7. What is the consequence of not returning goods sent on approval basis within six months? If the buyer fails to return the goods or does confirm the sale within the six month period, the seller is required to account for the transaction by issuing a tax invoice and subsequently paying GST for the transaction.
8. In what ways does sales on an approval basis differ from a regular sale? A regular sale involves a transfer of ownership of the item sold, while a sale on approval basis entails a transfer of ownership only after the goods have been accepted by the buyer.

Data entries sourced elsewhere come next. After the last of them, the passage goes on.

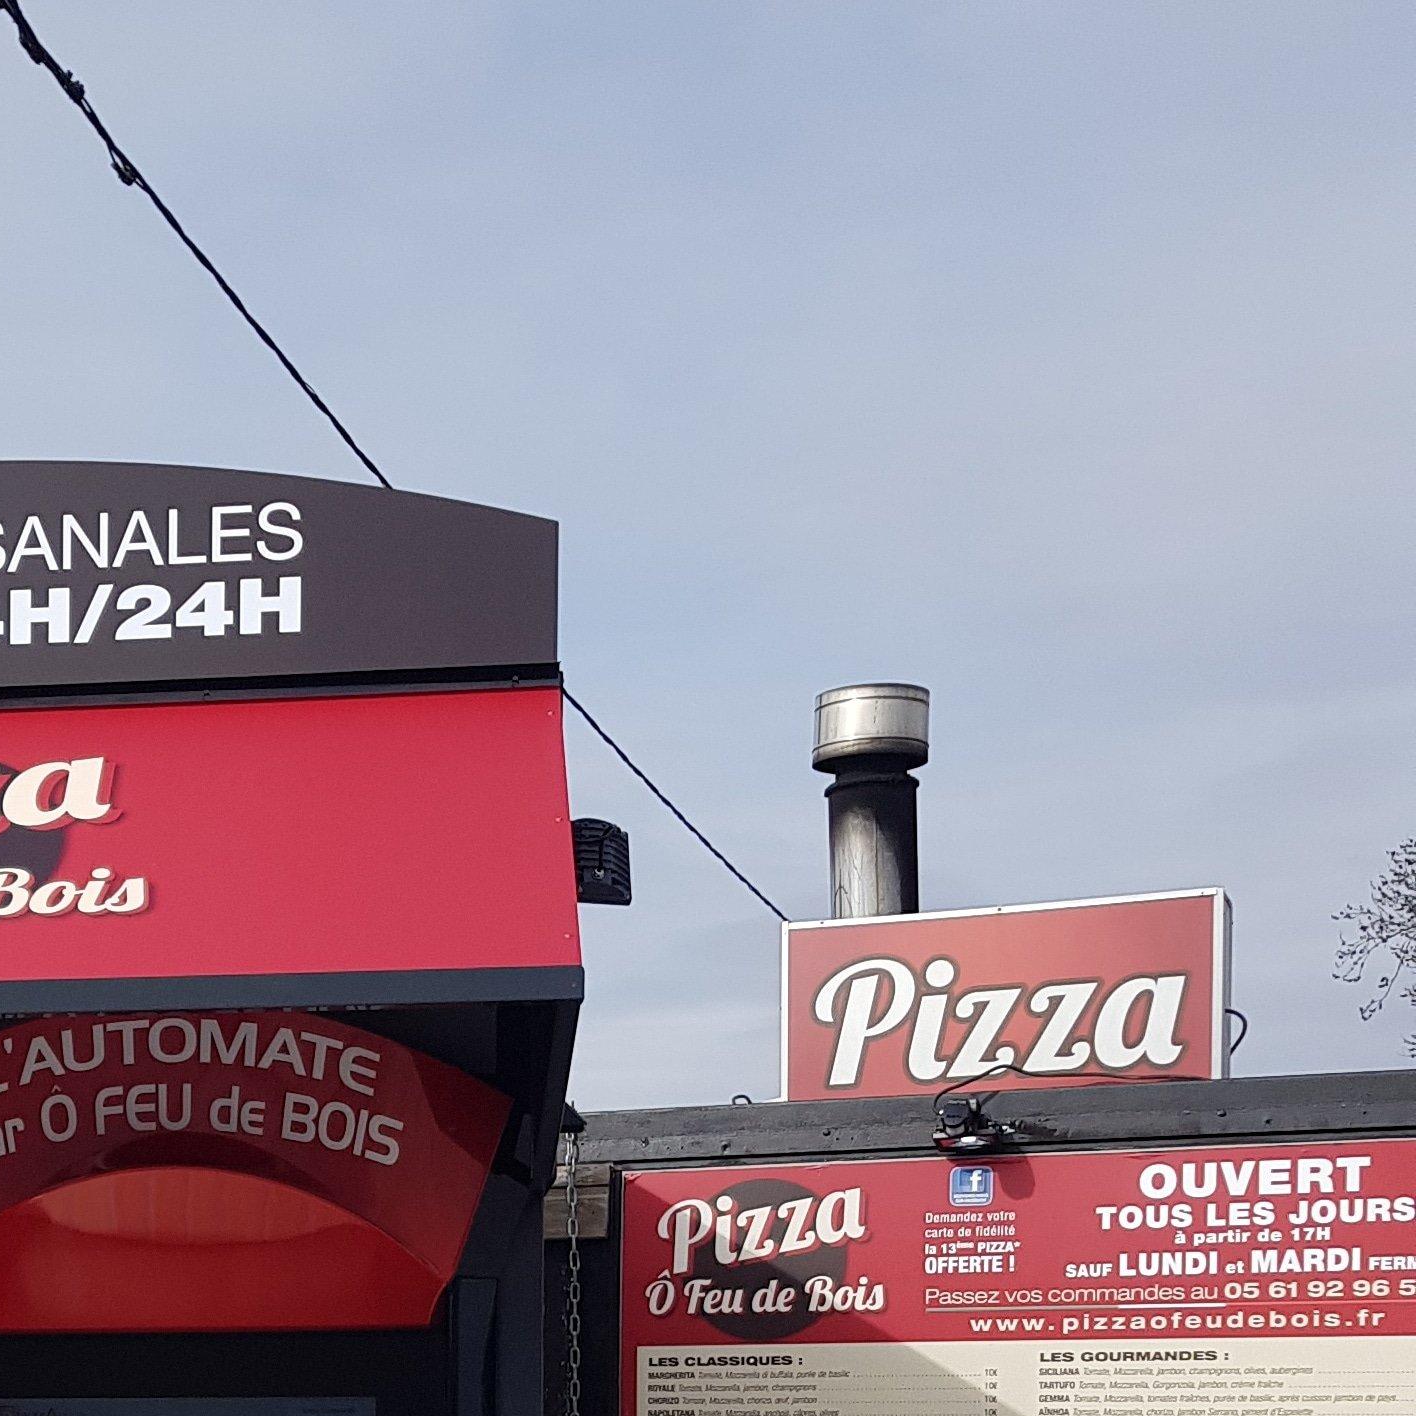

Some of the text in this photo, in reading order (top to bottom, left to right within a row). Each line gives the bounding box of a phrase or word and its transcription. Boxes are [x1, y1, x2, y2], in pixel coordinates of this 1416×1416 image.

[814, 957, 1187, 1087] Pizza
[40, 1086, 78, 1143] Ô
[95, 1082, 193, 1137] FEU
[209, 1084, 267, 1136] de
[284, 1091, 407, 1167] BOIS
[1139, 1156, 1372, 1200] OUVERT
[925, 1211, 1016, 1224] Demandez votre
[1096, 1196, 1416, 1231] TOUS LES JOURS
[658, 1186, 868, 1276] Pizza
[924, 1225, 1016, 1238] carte de fidélité
[1174, 1226, 1332, 1247] à partir de 17H
[924, 1243, 937, 1255] la
[924, 1254, 1016, 1274] OFFERTE !
[1065, 1262, 1112, 1278] SAUF
[1119, 1251, 1218, 1278] LUNDI
[1225, 1259, 1245, 1275] et
[1251, 1247, 1362, 1274] MARDI
[645, 1273, 885, 1316] Ô Feu de Bois
[925, 1288, 1000, 1305] Passez
[1004, 1289, 1044, 1304] vos
[1048, 1284, 1186, 1304] commandes
[1190, 1286, 1219, 1301] au
[1224, 1281, 1260, 1300] 05
[1268, 1281, 1298, 1299] 61
[1307, 1279, 1345, 1298] 92
[1352, 1279, 1391, 1297] 96
[969, 1308, 1386, 1334] www.pizzaofeudebois.fr
[648, 1355, 793, 1367] LES CLASSIQUES
[1040, 1350, 1218, 1363] LES GOURMANDES

9. What are the difficulties in the treatment of goods sent on approval basis under GST? Businesses will have to monitor the approval duration, keep adequate records, and ensure that the invoice is issued on time so that an undue exposure to tax happens.
10. Were there any provisions of the type in the goods sent on approval basis before the implementation of GST? Yes, the government made provisions of transition credits which permits businesses to revise taxes on sales made after the GST was operational and shifts from covering the old taxation system.